Extracted information

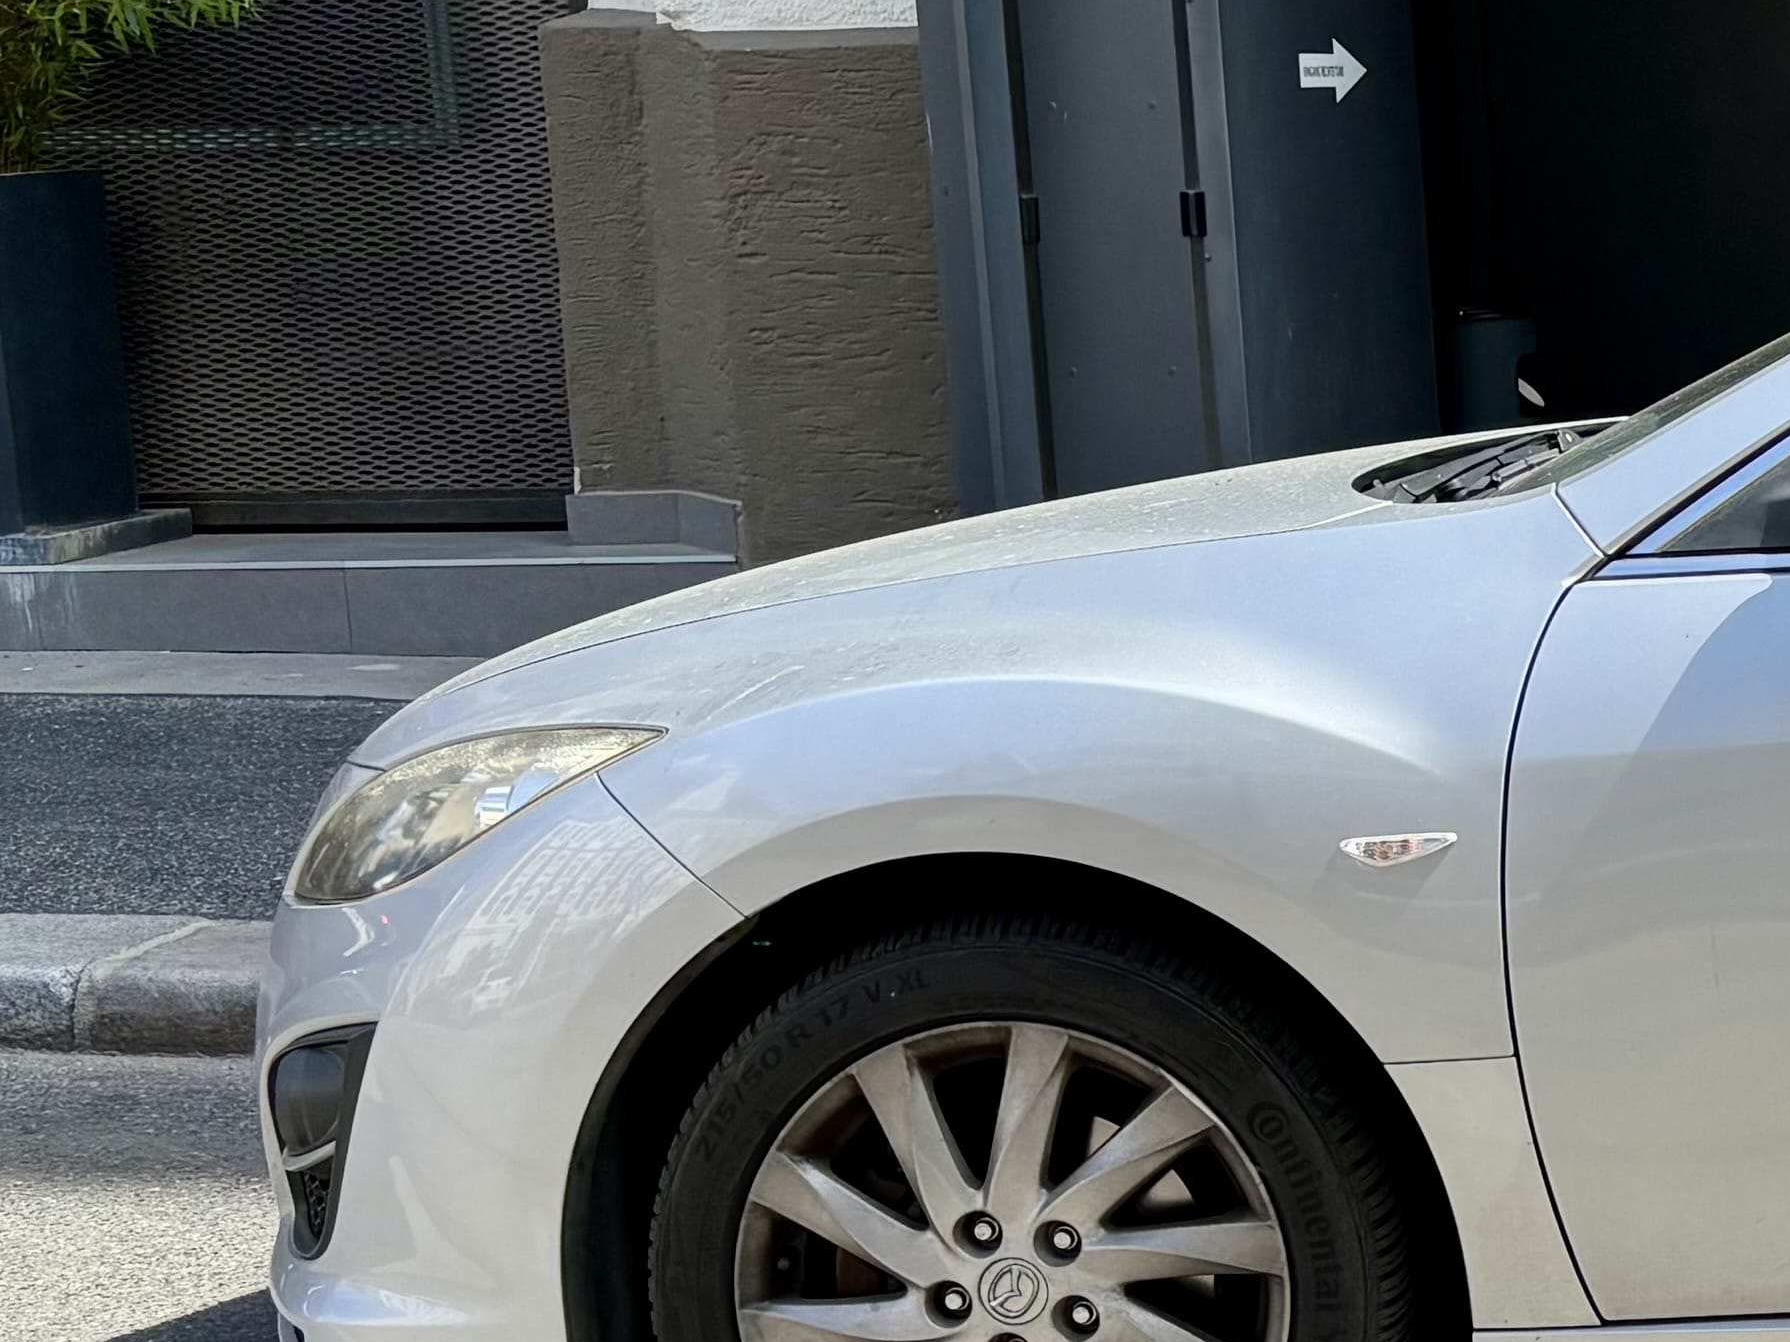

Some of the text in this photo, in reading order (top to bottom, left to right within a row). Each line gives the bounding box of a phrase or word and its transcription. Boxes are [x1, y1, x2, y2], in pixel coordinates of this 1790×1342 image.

[694, 1045, 783, 1163] 215/50
[785, 1022, 815, 1048] R
[815, 994, 850, 1028] 17
[1246, 1100, 1345, 1312] Continental
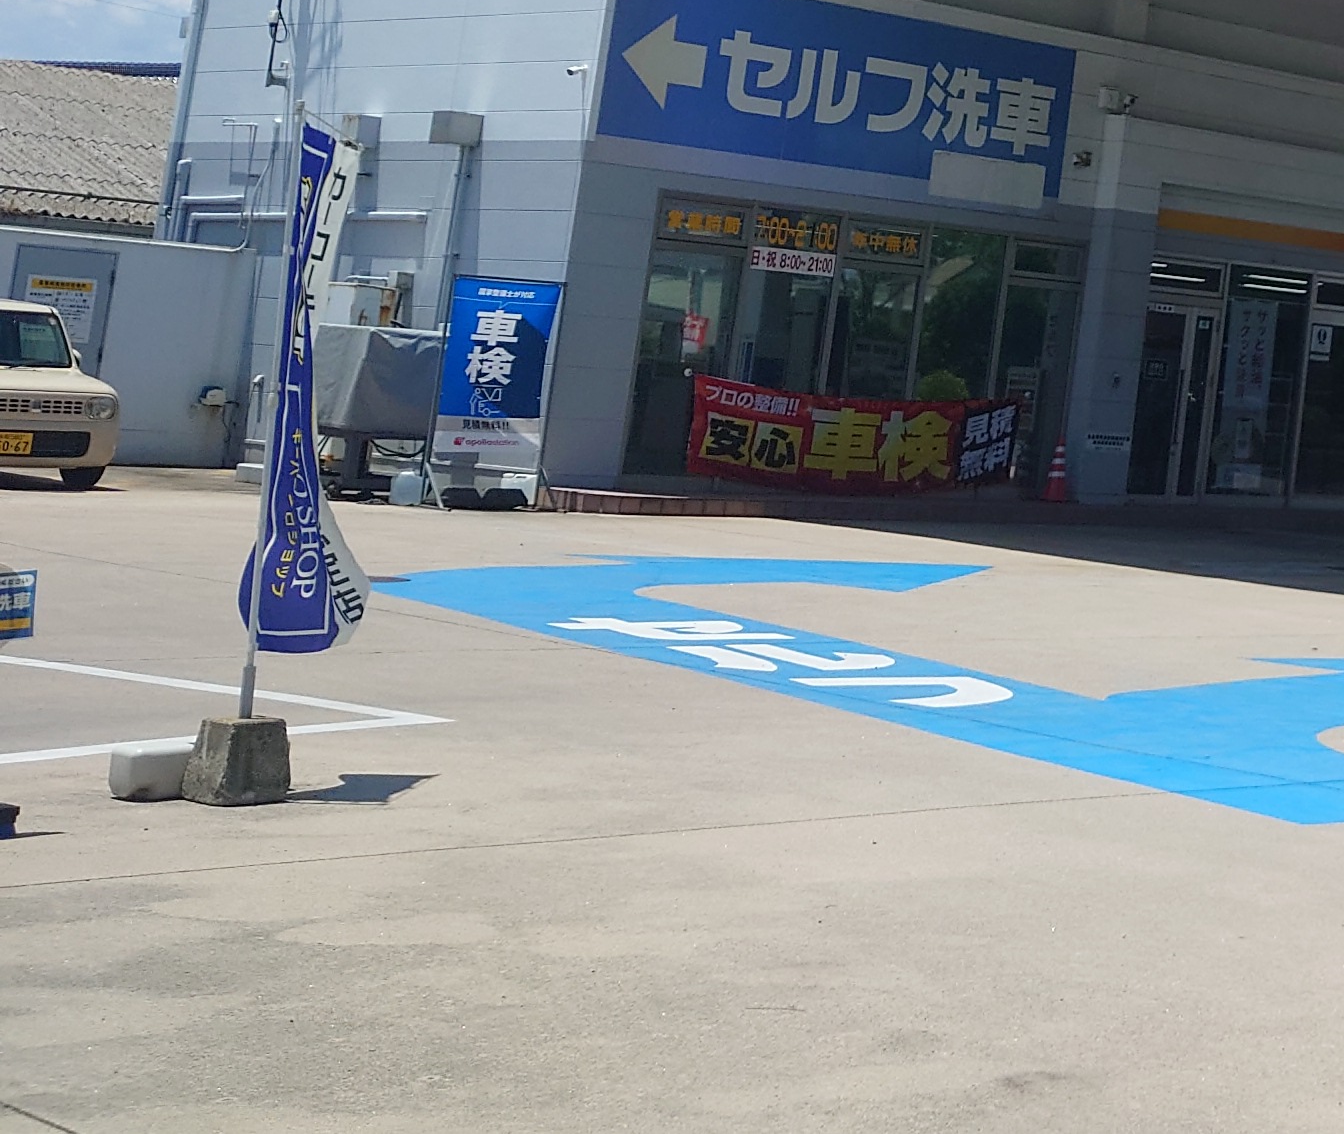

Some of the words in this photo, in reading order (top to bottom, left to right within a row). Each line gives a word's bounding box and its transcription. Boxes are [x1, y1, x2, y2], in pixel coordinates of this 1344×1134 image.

[719, 29, 1057, 156] セルフ洗車
[667, 209, 742, 235] 営業時間
[465, 309, 523, 385] 車検
[704, 384, 800, 416] プロの整備!!
[962, 404, 1017, 448] 見積
[704, 416, 797, 469] 安心
[803, 407, 953, 483] 車検
[957, 437, 1010, 482] 無料
[290, 505, 321, 599] SHOP

Description of the task
Start from the line that holds "Some of the words" and print each line to the end of the records exactly, leaving out everything before it.

Written solution
Some of the words in this photo, in reading order (top to bottom, left to right within a row). Each line gives a word's bounding box and its transcription. Boxes are [x1, y1, x2, y2], in pixel coordinates of this 1344×1134 image.

[719, 29, 1057, 156] セルフ洗車
[667, 209, 742, 235] 営業時間
[465, 309, 523, 385] 車検
[704, 384, 800, 416] プロの整備!!
[962, 404, 1017, 448] 見積
[704, 416, 797, 469] 安心
[803, 407, 953, 483] 車検
[957, 437, 1010, 482] 無料
[290, 505, 321, 599] SHOP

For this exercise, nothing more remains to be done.